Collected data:
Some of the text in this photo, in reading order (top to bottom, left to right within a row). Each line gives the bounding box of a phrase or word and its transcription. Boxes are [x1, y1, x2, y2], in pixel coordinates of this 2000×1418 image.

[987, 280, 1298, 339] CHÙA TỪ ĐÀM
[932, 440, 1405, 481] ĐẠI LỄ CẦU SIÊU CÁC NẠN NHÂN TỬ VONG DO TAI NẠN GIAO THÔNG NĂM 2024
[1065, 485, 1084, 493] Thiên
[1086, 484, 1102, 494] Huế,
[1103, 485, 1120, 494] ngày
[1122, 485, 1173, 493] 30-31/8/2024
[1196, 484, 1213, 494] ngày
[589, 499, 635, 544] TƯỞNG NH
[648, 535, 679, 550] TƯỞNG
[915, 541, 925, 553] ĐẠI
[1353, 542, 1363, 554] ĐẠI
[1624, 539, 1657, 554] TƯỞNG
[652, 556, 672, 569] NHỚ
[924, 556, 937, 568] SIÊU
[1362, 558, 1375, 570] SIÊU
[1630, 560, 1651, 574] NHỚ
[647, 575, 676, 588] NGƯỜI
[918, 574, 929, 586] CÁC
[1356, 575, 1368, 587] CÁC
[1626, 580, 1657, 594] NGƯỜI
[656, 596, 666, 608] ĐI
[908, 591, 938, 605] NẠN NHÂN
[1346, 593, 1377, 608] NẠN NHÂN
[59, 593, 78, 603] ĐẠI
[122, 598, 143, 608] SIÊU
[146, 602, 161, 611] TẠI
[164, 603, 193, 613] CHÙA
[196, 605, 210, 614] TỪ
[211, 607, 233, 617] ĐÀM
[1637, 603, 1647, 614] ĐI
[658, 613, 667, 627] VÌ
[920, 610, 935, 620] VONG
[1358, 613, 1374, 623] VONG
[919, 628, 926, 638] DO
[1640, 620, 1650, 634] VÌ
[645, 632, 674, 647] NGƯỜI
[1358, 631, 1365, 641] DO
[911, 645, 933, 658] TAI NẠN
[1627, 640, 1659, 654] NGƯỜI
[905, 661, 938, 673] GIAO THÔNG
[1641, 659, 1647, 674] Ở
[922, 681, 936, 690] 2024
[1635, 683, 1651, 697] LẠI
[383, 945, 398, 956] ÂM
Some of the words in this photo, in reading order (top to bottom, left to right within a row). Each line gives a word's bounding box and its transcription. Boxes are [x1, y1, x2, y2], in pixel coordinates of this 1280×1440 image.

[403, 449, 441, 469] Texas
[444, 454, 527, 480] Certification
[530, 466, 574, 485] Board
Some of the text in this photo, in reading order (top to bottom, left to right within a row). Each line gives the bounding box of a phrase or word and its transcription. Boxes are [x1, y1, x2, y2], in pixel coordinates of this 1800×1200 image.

EXERCISE GOAL - Retype exactly, please, each line from the line that contains "Some of the words" through the last line of the entries above, with nothing added.

EXERCISE ANSWER -
Some of the words in this photo, in reading order (top to bottom, left to right within a row). Each line gives a word's bounding box and its transcription. Boxes are [x1, y1, x2, y2], in pixel coordinates of this 1280×1440 image.

[403, 449, 441, 469] Texas
[444, 454, 527, 480] Certification
[530, 466, 574, 485] Board
Some of the text in this photo, in reading order (top to bottom, left to right within a row). Each line gives the bounding box of a phrase or word and its transcription. Boxes are [x1, y1, x2, y2], in pixel coordinates of this 1800×1200 image.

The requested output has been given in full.